Anacampseros Telephiastrum 'Variegata'
Anacampseros Telephiastrum 'Variegata', commonly known as Anacampseros Telephiastrum 'Sunrise.' The succulent is native to South Africa as a part of the Portulacaceae succulent family. The attractive container succulent is known for the bright color of the leaves, and the variegation rosette shows an intense rose that creeps into lime and emerald green. You can expect to enjoy its flower in the summer.
Anacampseros Telephiastrum 'Variegata' is hardy to zone 10a-11b (from 30F to 50F).
Aeonium Kiwi is another variegated succulent that shows yellow-green colored leaves with pink or reddish borders. It may give four colors like green, yellow, white, and red, but you need to give ideal conditions or grow in a greenhouse for these colors. Aeonium Kiwi is easy to care for, and you can grow it in full sun to partial shade.
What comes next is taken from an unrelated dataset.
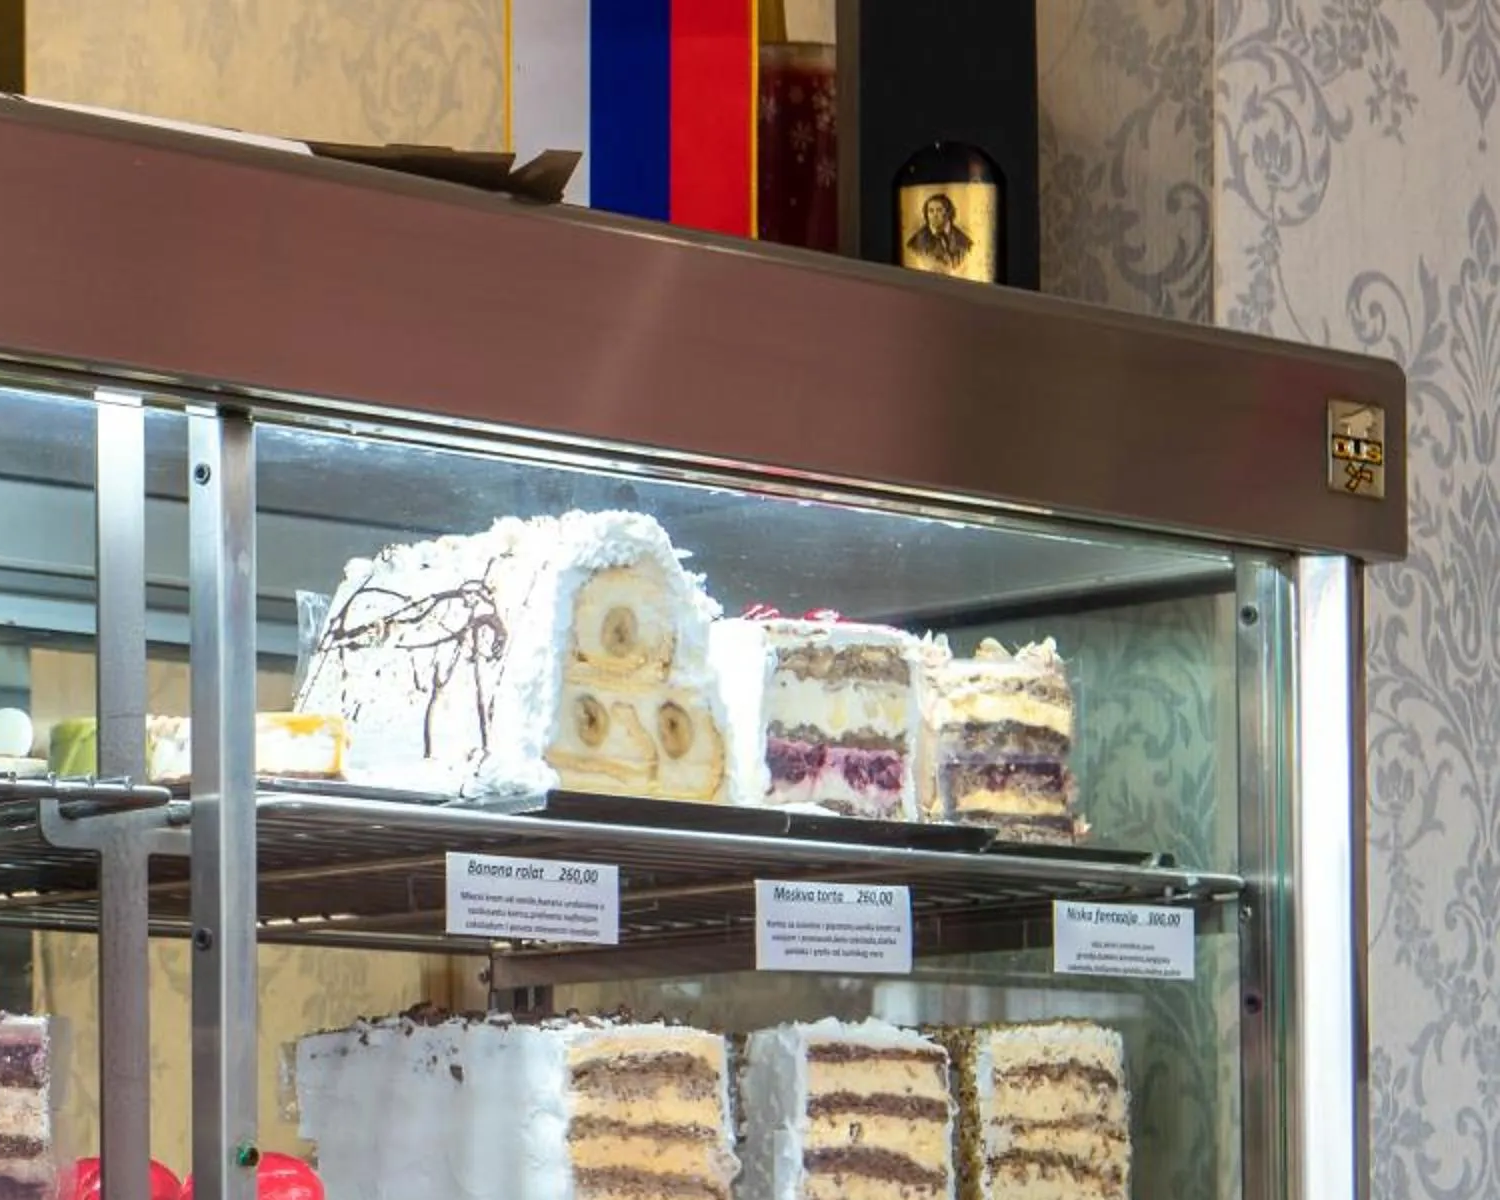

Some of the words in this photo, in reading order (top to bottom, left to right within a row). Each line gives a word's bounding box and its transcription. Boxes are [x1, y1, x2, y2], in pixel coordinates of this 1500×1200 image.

[468, 860, 512, 876] Banana
[515, 863, 544, 880] rolat
[559, 868, 598, 884] 260,00
The plant is drought tolerant, so you can manage watering when the soil is arid. Above all, this plant goes dormant in the summer and grows best in winter. Aeonium Kiwi is hardy to zone 9-11.
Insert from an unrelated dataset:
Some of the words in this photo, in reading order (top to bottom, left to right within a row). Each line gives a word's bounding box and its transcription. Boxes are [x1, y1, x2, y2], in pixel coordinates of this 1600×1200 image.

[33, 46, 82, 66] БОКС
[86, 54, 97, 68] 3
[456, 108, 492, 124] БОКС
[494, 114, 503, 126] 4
Image Credit: succulentsandsunshine.com
Sempervivum Corsair is a bristly-leafy variegated succulent commonly known as Houseleek or Hen and chicks. The plant forms clusters of pink-red medium rosettes that are green in early stages but develop stunning coloration with age. The flowers of Sempervivum are small, pink, and borne on stout stems in summer.
Sempervivum Corsair is not difficult to care for, but remember to grow it in well-draining soil not to waterlog. This plant is hardy to zone 4a-10a.
Image Credit: rhs.org.uk
Cotyledon tomentosa, commonly known as variegated bear's paw, is a small rare succulent that can grow up to 30cm in height.
The plant has thick, wedge-like leaves with yellow striations and edged in small reddish teeth that give it the look of a bear’s claw. Cotyledon tomentosa also has fine tiny white hairs on leaves giving the plant a velvety look. Bears’ paw plant is hardy to zone 9b-11b.